Tonight was an ice sky. Sharp and clear, stars picked out one by one overhead. The moon shone brightly, illuminating the ice underfoot.
It’s been treacherous to walk anywhere this past week. Despite daytime temperatures in the teens and twenties, the sun still melts enough to make a slick skim coat of water atop the ice that covers walks, lawns, driveways, and roads. Even the dogs go “slip slidin’ away,” to quote an old Paul Simon song. I walk gingerly behind them, out to the wood pile to replenish the night’s supply indoors for the stove.
The Weather Channel promises snow this week, temperatures to climb into the high 30s.
Rabbi Caryn Broitman will lead a traditional Reform Shabbat service at the M.V. Hebrew Center this Friday, January 21, beginning at 5:30 pm. Throughout the service, she will answer questions and lead a discussion about the history and differences between Jewish Reform and Reconstructionist movements.
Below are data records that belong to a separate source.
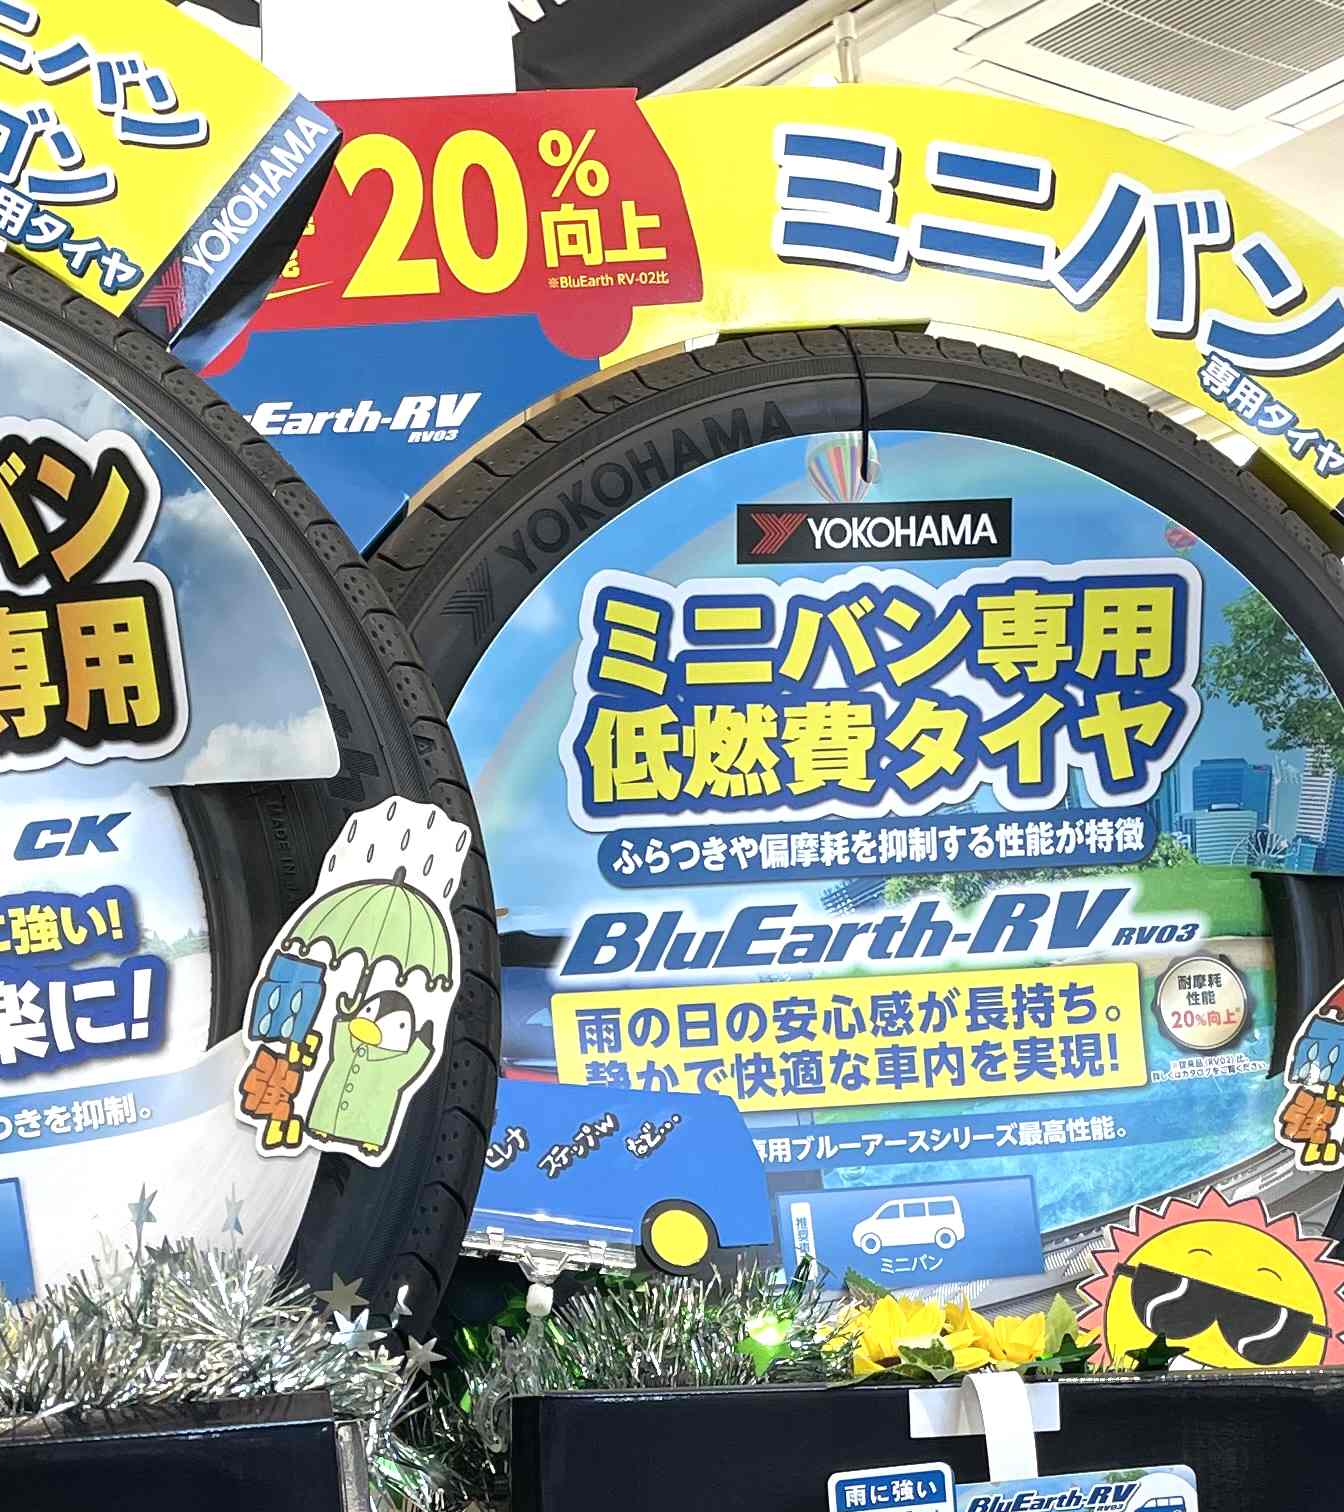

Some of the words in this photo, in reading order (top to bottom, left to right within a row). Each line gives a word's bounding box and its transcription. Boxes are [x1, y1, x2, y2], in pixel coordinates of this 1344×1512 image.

[182, 115, 328, 276] YOKOHAMA
[334, 129, 528, 299] 20
[540, 201, 667, 267] 向上
[408, 429, 459, 444] RV03
[495, 399, 793, 587] YOKOHAMA
[808, 513, 998, 550] YOKOHAMA
[596, 584, 1178, 697] ミニバン専用
[583, 689, 1178, 805] 低燃費タイヤ
[12, 812, 131, 860] CK
[611, 825, 1147, 875] ふらつきや偏摩耗を抑制する性能が特徴
[561, 888, 1132, 976] BluEarth-RV
[1111, 924, 1200, 947] RV03
[1177, 972, 1223, 991] 耐摩耗
[1185, 990, 1217, 1006] 性能
[576, 980, 1123, 1056] 雨の日の安心感が長持ち。
[879, 1253, 944, 1275] ミニバン
[844, 1480, 938, 1509] 雨に強い
Everyone is invited to attend.
It’s a good week to have a birthday, to be inside eating birthday cake with friends. Happy birthday to Amy Leonard on January 22.
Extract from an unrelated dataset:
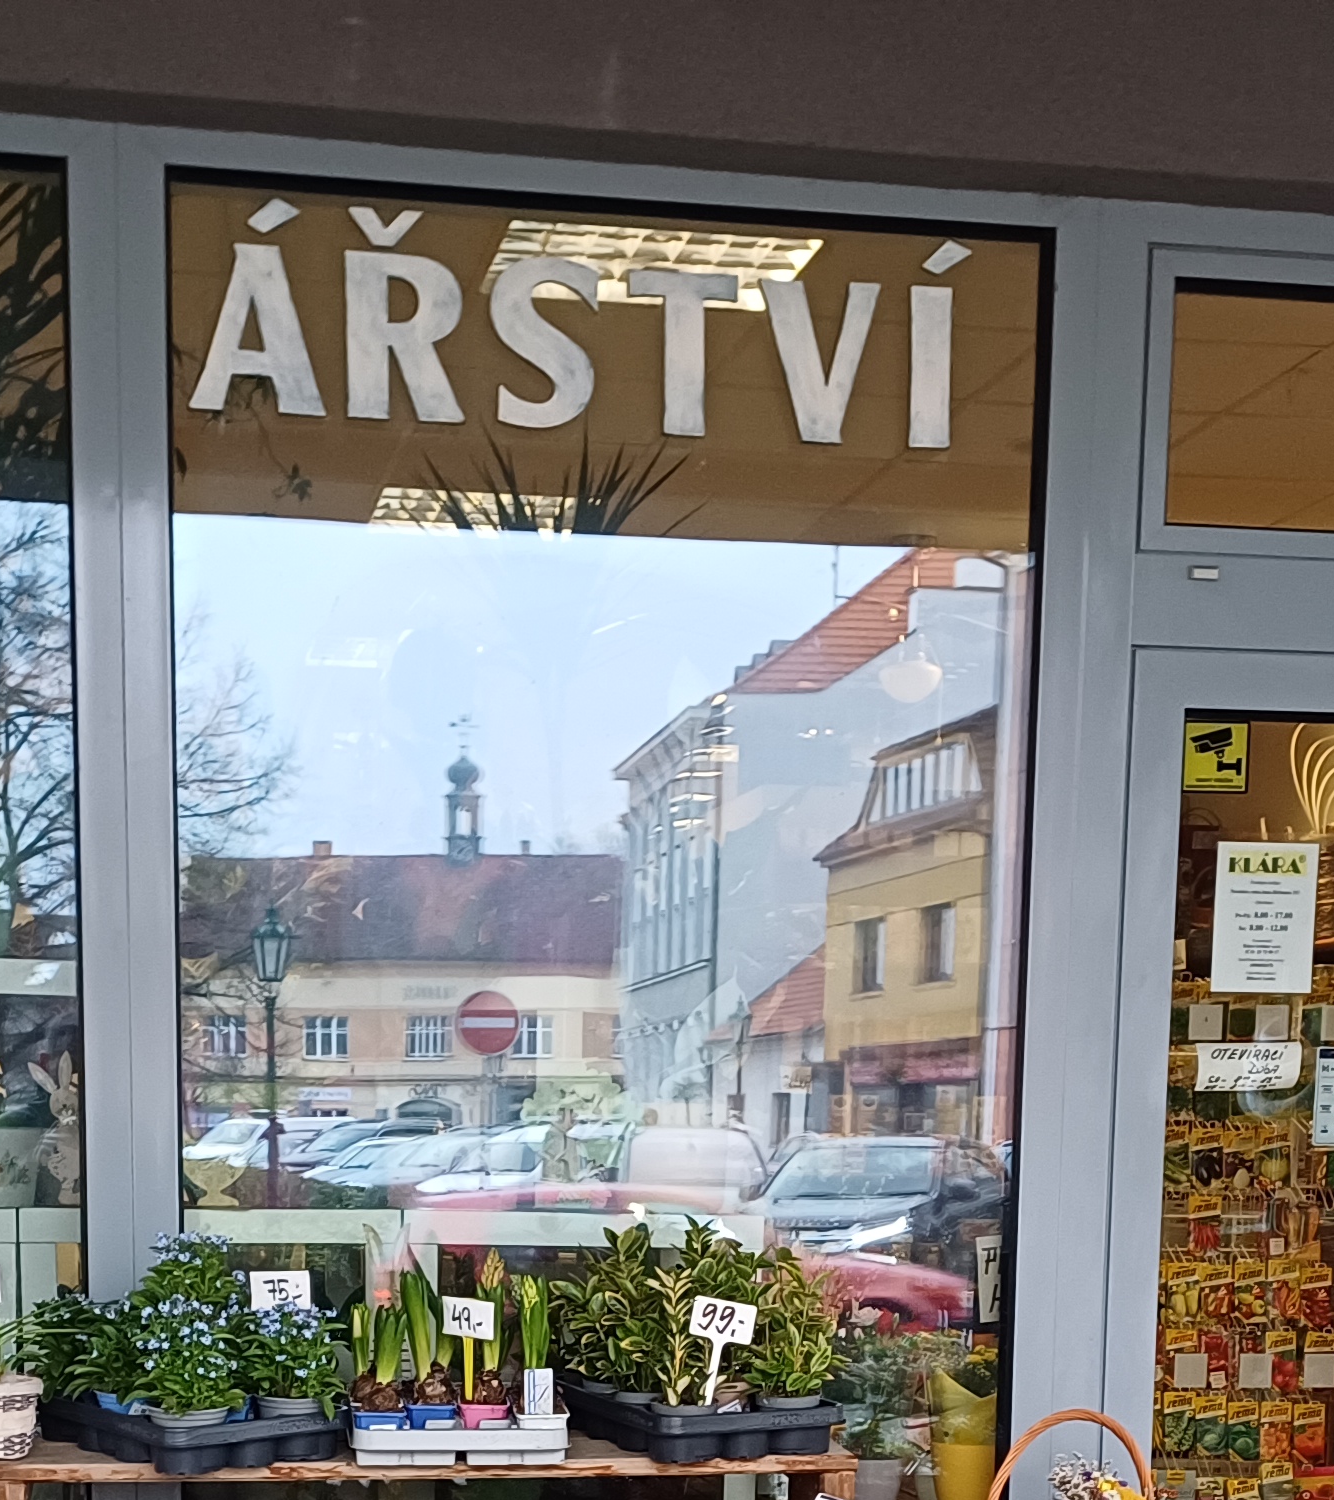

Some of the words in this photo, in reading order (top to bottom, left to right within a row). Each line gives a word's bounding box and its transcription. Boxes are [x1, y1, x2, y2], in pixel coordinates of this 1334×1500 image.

[188, 198, 973, 449] ÁŘSTVÍ
[452, 1303, 483, 1334] 49,-
[697, 1302, 745, 1337] 99,-
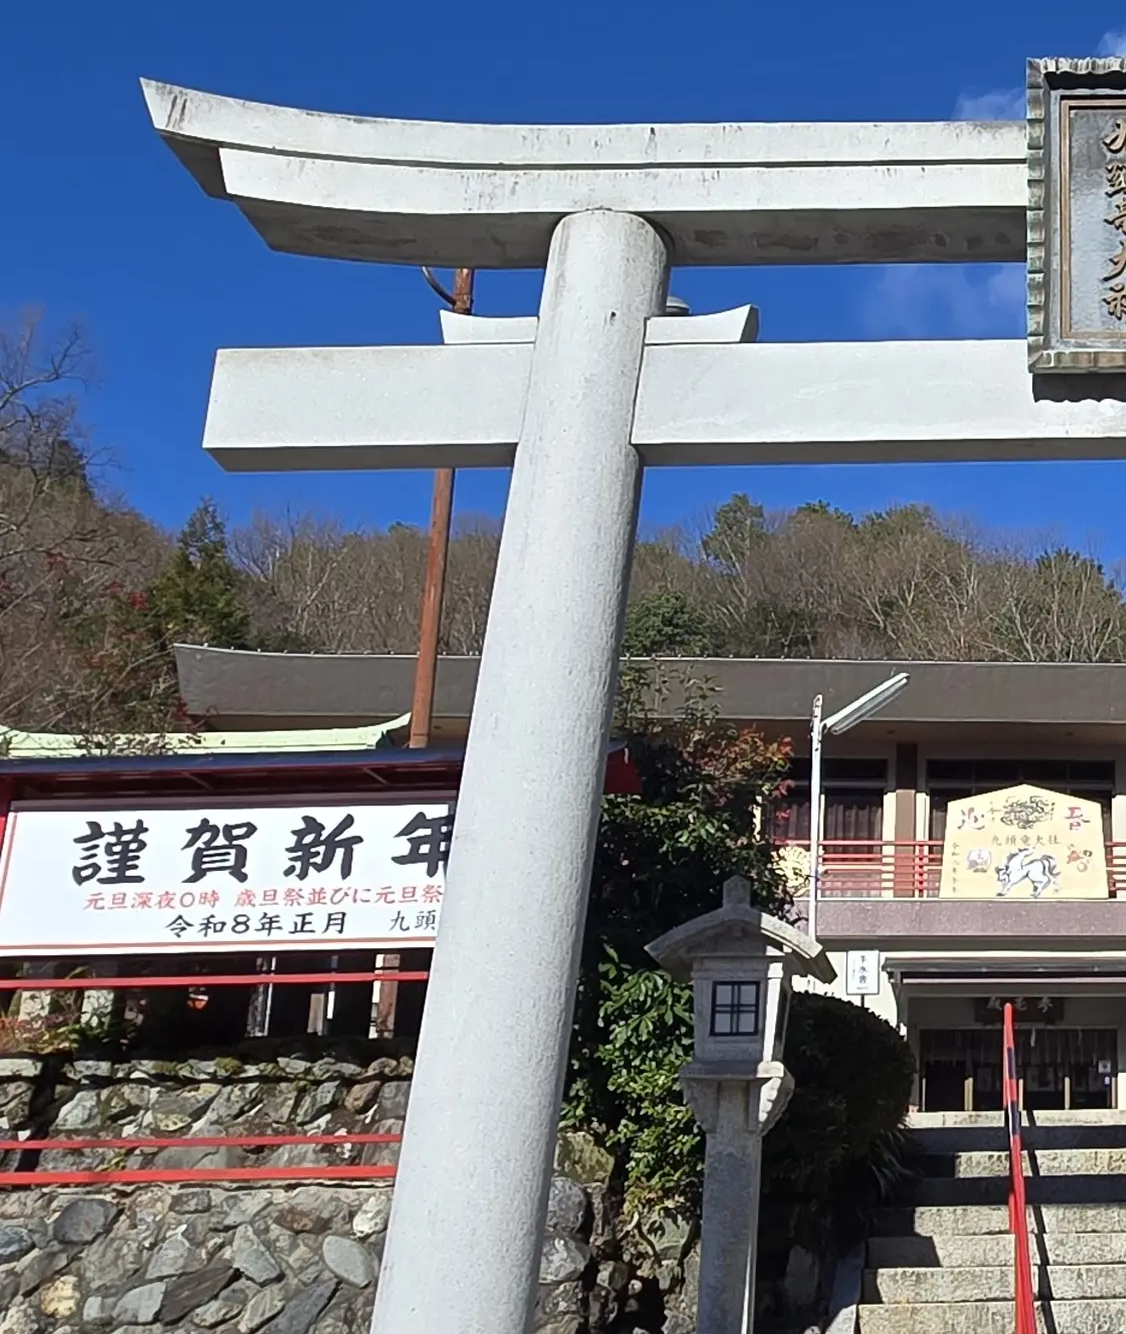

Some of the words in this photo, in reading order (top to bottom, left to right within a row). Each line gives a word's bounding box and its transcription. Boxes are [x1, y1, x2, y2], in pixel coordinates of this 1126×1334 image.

Marilyn Hollinshead sent news of a first aid course, free of charge, open to all Vineyard residents, to be held this Saturday, January 22, 10 am to 2:30 pm, at the Chilmark Community Church Education Building. The course will be led by an instructor from the American Heart Association, Peter Tennant. Participants can earn certificates in First Aid and Heimlich Maneuver. Bring your sandwich for lunch; beverages and dessert will be provided. Call Marilyn at 508-693-5803 to pre-register.
After you have finished that, come to the library at 4 pm for a Winter Concert with Taffy McCarthy and Bob Johnston.
January 22 is the last day to sign up for some adult education courses offered by ACE MV. A series of professional development classes in English Composition, EKG & CPR Training, and ServSafe Food Sanitation Training are offered, as well as a cooking workshop called Yoga of Food. Pre-register online at www.acemv.org or call Lynn Ditchfield at 508-693-1033, ext. 240.
The Sustainable Book Club will meet at the West Tisbury Library this Sunday afternoon, January 23, at 3 pm. Chef Dan Sauer will lead the discussion of “Slow Food Nation” by Carlo Petrini.
Nancy Cole and Lynne Whiting, with students and teachers from the West Tisbury School, have developed a year-long curriculum following the adventures of Laura Jernegan, daughter of a 19th-century whaling captain, who went to sea with her family for several years. They also have an educational website for the Martha’s Vineyard Museum, www.girlonawhaleship.org. Read about Laura Jernegan on the website or in the current issue of Martha’s Vineyard Magazine.
The West Tisbury Library will host a Public Forum on Monday evening, January 24, at 5:30 pm. Members of the Building Committee, the Library Foundation, Friends of the Library, and Board of Trustees will be present to answer your questions and to let you know where we are in the process of applying for a state grant to enlarge our library.
Emma HallBilsback is one of 28 students selected to serve on the Governor’s Statewide Youth Council. Emma and fellow Vineyard student, Delmont Araujo, with their families, attended their induction ceremony at the State House last Friday, January 14. Governor Deval Patrick presided over the ceremony.
The council “encourages young people to become civically engaged in their local communities.” They meet with the governor throughout the year to discuss how state government can partner with local communities to create solutions and promote involvement in government. Congratulations to both of you.
When Mike and I saw the Wasserman/Bassett table at Sunday morning breakfast, Bob mentioned that he had just returned from India. Later he sent the following description:
“I have just returned from seven weeks in Hyderabad, India at the National Police Academy training the senior managers of the Indian National Police (1,750,000 officers). Susan joined me for three weeks, and one weekend we traveled to Agra to view the Taj Mahal. a beautiful world wonder. Understanding the culture of the country — the world’s largest democracy — and experiencing the challenges of that environment for policing was an interesting undertaking. We will probably return in May for another session.”
I was standing in Cronig’s parking lot one afternoon last week, talking with Laura Murphy and Sue Hruby. Laura pointed to the trees that seemed covered with birds, then to the birds themselves. They were cedar waxwings attracted to the winter berries that clung to bushes and had thickly fallen to the ground. It was quite a sight.